**ASSIGNMENT**
The entries are to be given back verbatim; no picture is to be copied.

START RECORDS TO USE

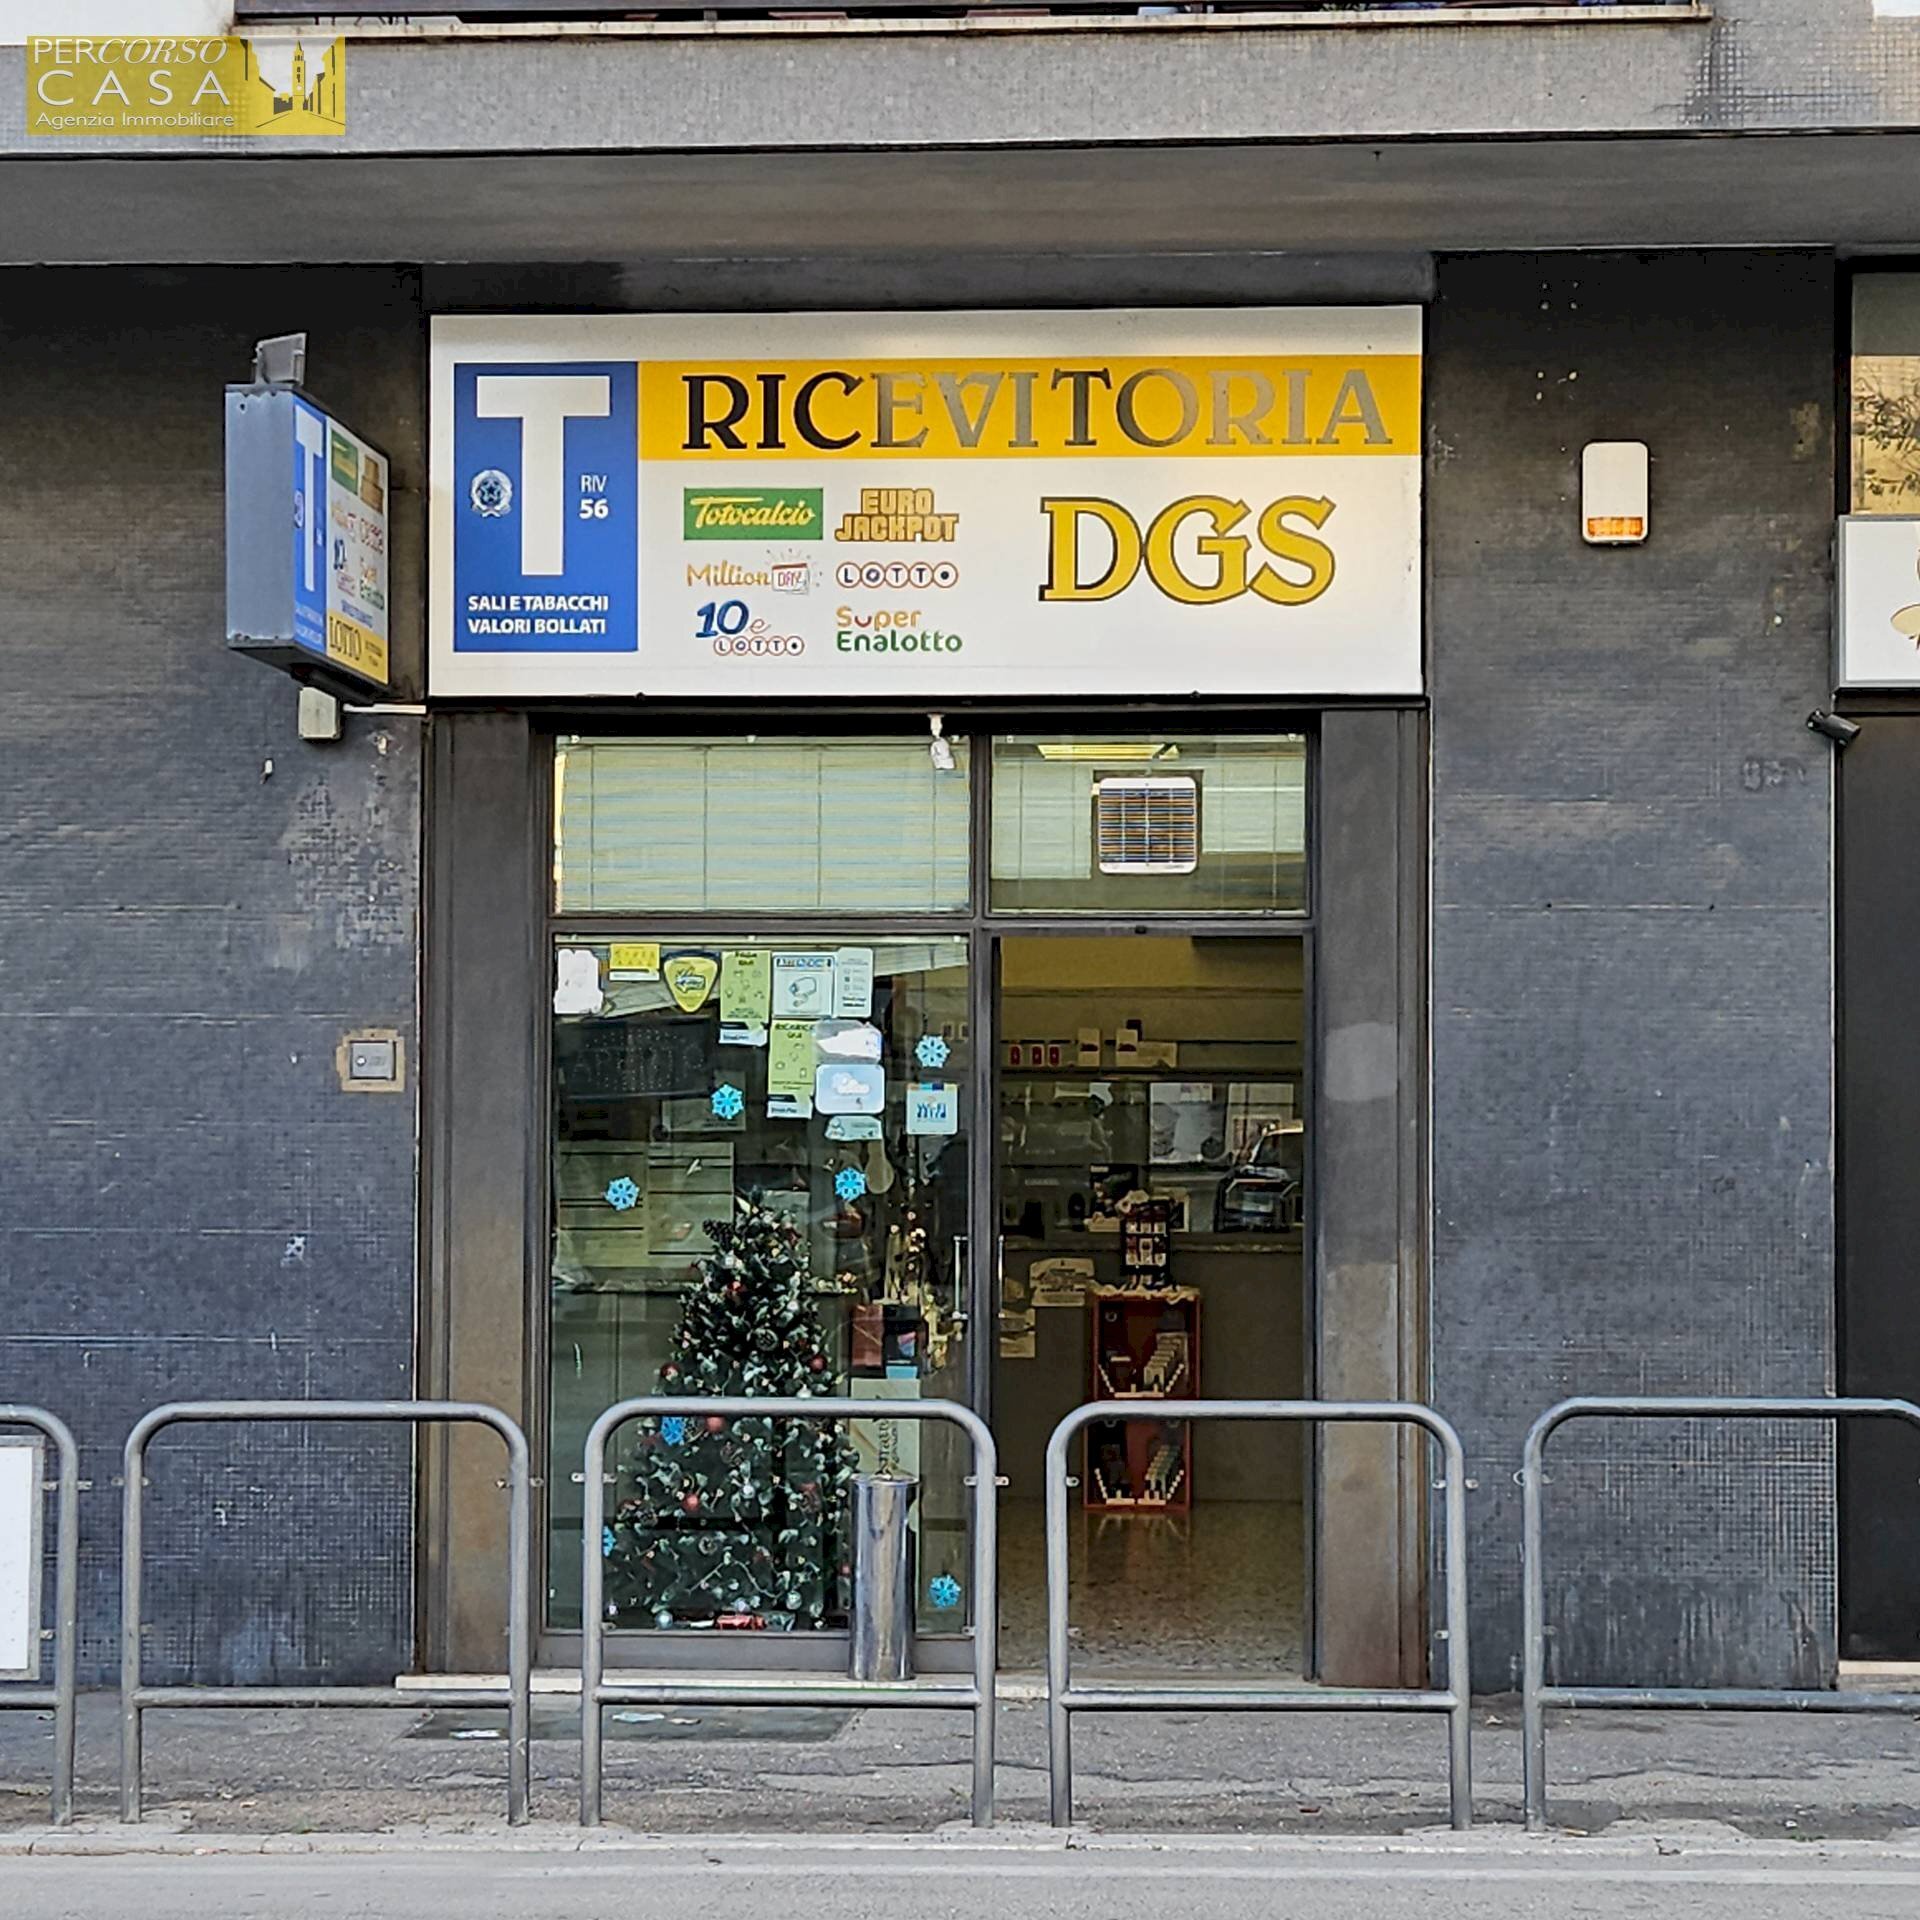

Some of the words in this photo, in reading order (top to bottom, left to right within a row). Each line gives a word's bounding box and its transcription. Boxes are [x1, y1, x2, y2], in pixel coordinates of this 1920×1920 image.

[682, 368, 1392, 449] RICEVITORIA
[476, 375, 611, 576] T
[581, 475, 607, 493] RIV
[579, 498, 609, 519] 56
[690, 496, 816, 528] Totocalcio
[861, 488, 934, 515] EURO
[834, 513, 960, 542] JACKPOT
[1038, 494, 1336, 606] DGS
[687, 560, 771, 587] Million
[836, 562, 958, 588] LOTTO
[468, 595, 506, 611] SALI
[510, 595, 521, 611] E
[523, 595, 608, 611] TABACCHI
[467, 618, 530, 634] VALORI
[534, 618, 606, 634] BOLLATI
[695, 600, 750, 638] 10
[836, 606, 922, 632] Super
[714, 635, 805, 656] LOTTO
[837, 629, 962, 652] Enalotto

END RECORDS TO USE

**EXERCISE OUTPUT**
Some of the words in this photo, in reading order (top to bottom, left to right within a row). Each line gives a word's bounding box and its transcription. Boxes are [x1, y1, x2, y2], in pixel coordinates of this 1920×1920 image.

[682, 368, 1392, 449] RICEVITORIA
[476, 375, 611, 576] T
[581, 475, 607, 493] RIV
[579, 498, 609, 519] 56
[690, 496, 816, 528] Totocalcio
[861, 488, 934, 515] EURO
[834, 513, 960, 542] JACKPOT
[1038, 494, 1336, 606] DGS
[687, 560, 771, 587] Million
[836, 562, 958, 588] LOTTO
[468, 595, 506, 611] SALI
[510, 595, 521, 611] E
[523, 595, 608, 611] TABACCHI
[467, 618, 530, 634] VALORI
[534, 618, 606, 634] BOLLATI
[695, 600, 750, 638] 10
[836, 606, 922, 632] Super
[714, 635, 805, 656] LOTTO
[837, 629, 962, 652] Enalotto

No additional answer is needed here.